11.11.2015, 14:57 · Aktualisiert: 05.10.2016, 15:58

Es war eine sehr schlechte Idee, betrunken Sex zu haben.

Manche Geschichten verdrängt man jahrelang erfolgreich. Bis zu dem Punkt, an dem sie einem in der ganzen Pracht ihrer Peinlichkeit wieder ins Gesicht klatschen. So auch kürzlich meine "Nacht" mit Jonas.

Jonas war ein Freund meines Mitbewohners, und wir fanden einander merklich schon eine ganze Weile gut. Nach einer unserer WG-Partys war die Spannung dann endlich weit genug gestiegen, leider aber auch der Pegel. Betrunkener Sex ist ja selten eine wirklich gute Idee. Dieser betrunkene Sex aber war eine beschissene Idee.

  • Noch bevor es zur Sache ging, musste Jonas mir die Haare halten, während ich mich in unsere Küchenspüle übergab.
  • Danach waren wir immerhin klar genug, um uns gemeinsam die Zähne zu putzen. Ich weiß bis heute nicht, wessen Zahnbürste Jonas benutzt hat.
  • Als wir endlich unter eine Wolldecke auf mein Schlafsofa krochen, war es taghell und alle Spuren der Nacht bestens zu sehen. Das hielt uns allerdings nicht davon ab, es trotzdem zu versuchen.
  • Ja, versuchen. Ich erinnere mich an Rumgefriemel mit einem Kondom und Kontakt zwischen Penis und Vagina. Ich glaube auch, dass er drin war. Ich weiß es nicht mehr so genau.
  • Kai könnte es wissen, ein alter Schulfreund, der auf einer Luftmatratze im selben Zimmer schlief. Ich hoffe zumindest, dass er wirklich schlief.
  • Ich schlief dann auch irgendwann unter Jonas ein. Mein Kopf baumelte über der Bettkante.

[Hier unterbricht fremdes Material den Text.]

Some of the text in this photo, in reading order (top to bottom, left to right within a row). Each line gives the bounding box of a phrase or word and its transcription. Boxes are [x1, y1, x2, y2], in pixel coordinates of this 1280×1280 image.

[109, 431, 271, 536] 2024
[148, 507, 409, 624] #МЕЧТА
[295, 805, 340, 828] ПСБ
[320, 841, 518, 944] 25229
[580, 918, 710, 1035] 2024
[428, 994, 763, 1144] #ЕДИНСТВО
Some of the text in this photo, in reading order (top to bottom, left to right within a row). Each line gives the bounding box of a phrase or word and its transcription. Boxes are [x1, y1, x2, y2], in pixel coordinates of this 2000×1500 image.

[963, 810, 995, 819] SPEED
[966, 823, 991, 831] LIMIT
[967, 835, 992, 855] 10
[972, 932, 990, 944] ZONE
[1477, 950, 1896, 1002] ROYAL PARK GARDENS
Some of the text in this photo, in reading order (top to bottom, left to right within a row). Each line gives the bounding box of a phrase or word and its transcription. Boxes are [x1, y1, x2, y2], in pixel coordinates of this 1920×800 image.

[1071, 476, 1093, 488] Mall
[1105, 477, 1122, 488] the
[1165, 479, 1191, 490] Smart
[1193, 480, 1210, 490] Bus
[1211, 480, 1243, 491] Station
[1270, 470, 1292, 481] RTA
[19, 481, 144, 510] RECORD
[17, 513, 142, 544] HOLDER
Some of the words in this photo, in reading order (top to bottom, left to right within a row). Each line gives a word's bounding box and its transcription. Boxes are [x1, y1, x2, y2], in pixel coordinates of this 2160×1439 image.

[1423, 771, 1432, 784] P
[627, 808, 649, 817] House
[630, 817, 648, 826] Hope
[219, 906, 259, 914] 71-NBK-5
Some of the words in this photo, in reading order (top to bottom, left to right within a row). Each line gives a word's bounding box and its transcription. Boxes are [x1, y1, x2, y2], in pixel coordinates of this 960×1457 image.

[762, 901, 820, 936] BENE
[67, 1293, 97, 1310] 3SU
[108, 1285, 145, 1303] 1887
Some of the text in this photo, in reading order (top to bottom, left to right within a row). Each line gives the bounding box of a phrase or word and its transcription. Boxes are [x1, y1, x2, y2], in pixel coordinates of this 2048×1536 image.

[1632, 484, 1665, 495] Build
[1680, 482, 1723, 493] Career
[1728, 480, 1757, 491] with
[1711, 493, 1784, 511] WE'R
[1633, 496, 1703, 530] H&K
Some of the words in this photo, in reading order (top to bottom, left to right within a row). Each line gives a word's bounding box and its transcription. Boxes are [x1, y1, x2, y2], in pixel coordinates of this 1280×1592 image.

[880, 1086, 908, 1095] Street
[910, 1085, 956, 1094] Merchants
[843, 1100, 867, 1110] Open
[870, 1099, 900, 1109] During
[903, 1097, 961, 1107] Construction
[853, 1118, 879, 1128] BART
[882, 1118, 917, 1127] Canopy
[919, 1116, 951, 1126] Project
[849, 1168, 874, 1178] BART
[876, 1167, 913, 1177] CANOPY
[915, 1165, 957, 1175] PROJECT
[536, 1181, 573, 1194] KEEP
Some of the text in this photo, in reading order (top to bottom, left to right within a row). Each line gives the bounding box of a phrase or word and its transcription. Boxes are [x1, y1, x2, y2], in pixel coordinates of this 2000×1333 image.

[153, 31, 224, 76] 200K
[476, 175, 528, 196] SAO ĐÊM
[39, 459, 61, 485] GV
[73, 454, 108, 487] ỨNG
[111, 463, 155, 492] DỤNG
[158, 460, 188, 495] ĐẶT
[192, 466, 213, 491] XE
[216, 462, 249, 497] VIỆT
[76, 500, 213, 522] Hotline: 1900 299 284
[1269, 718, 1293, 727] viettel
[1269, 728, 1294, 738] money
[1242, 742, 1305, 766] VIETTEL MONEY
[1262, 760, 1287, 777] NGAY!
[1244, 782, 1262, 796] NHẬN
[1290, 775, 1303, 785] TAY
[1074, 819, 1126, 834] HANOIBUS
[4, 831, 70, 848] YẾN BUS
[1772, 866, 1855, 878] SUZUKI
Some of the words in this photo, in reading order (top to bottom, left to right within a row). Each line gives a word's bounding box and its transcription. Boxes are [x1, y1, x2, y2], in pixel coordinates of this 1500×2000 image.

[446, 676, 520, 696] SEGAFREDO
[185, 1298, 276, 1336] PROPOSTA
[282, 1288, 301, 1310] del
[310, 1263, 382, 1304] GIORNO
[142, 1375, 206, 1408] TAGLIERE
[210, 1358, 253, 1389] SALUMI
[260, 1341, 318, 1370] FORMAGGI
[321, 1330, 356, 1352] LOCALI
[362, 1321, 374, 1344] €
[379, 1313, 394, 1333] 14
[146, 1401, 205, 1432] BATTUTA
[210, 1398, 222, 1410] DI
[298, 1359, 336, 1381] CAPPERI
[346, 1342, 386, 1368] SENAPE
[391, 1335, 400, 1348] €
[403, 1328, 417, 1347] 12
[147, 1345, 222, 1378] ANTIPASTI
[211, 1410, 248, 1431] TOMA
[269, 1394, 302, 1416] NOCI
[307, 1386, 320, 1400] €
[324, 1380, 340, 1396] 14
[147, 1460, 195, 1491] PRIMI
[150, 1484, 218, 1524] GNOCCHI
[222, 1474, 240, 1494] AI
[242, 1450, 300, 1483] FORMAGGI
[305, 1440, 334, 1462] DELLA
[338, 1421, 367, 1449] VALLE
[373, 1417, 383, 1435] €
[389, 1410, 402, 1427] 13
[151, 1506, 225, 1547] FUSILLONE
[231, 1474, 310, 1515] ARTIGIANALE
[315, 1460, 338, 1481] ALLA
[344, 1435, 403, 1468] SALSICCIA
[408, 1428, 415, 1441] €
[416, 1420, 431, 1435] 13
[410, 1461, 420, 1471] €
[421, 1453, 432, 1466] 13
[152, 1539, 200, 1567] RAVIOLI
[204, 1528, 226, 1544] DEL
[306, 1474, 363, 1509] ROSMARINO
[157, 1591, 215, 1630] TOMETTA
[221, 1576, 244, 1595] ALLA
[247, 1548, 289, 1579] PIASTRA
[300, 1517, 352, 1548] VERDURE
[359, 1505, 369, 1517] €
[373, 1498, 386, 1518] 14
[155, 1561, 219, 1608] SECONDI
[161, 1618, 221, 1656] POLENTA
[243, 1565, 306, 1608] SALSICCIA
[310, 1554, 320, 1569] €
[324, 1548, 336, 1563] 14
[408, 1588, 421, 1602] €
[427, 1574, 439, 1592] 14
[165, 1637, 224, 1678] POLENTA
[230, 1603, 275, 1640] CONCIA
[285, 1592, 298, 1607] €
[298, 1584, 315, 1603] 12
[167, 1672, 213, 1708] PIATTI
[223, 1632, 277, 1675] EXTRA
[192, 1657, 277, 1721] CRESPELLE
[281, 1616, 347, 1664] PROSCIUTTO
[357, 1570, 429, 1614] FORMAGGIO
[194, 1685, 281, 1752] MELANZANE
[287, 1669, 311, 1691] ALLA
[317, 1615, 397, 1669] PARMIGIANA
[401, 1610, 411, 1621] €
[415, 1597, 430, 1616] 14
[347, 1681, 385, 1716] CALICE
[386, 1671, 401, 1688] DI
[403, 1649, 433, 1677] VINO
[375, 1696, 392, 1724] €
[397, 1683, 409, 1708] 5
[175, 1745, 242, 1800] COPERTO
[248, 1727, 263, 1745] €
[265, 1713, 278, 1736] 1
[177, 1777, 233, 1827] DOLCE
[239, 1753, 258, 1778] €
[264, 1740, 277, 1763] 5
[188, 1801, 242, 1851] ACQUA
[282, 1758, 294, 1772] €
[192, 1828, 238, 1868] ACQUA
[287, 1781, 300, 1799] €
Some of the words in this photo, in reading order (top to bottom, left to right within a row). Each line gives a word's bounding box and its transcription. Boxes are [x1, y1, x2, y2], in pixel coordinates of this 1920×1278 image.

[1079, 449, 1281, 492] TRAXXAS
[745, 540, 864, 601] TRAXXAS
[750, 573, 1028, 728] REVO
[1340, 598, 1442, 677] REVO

Diese intime und äußerst peinliche Begegnung, die ich nicht mal meinen besten Freunden in Gänze berichtet habe - die dritte Person im Raum habe ich lieber ausgespart - ist nun fünf Jahre her. Seit vier Jahren habe ich keinen Kontakt mehr zu Jonas. Aber jetzt will ich doch wissen, ob ihm unser intimes Erlebnis eigentlich genauso unangenehm war wie mir.

Wir treffen uns zum Mittag in einem Sushi-Restaurant. Wir sitzen nebeneinander, mit uns am Tisch eine stumm essende Frau.

Du warst nicht die einzige von uns, die rotzenvoll war.
Jonas

Jonas ist gerade mit seiner Freundin zusammengezogen und hat jetzt einen Bürojob. Er ist gespannt, worüber ich mit ihm reden möchte, ich bin nervös. Ich frage ihn geradeheraus, ob er sich überhaupt noch an unseren Sex - oder wie auch immer man es betiteln möchte - erinnern kann.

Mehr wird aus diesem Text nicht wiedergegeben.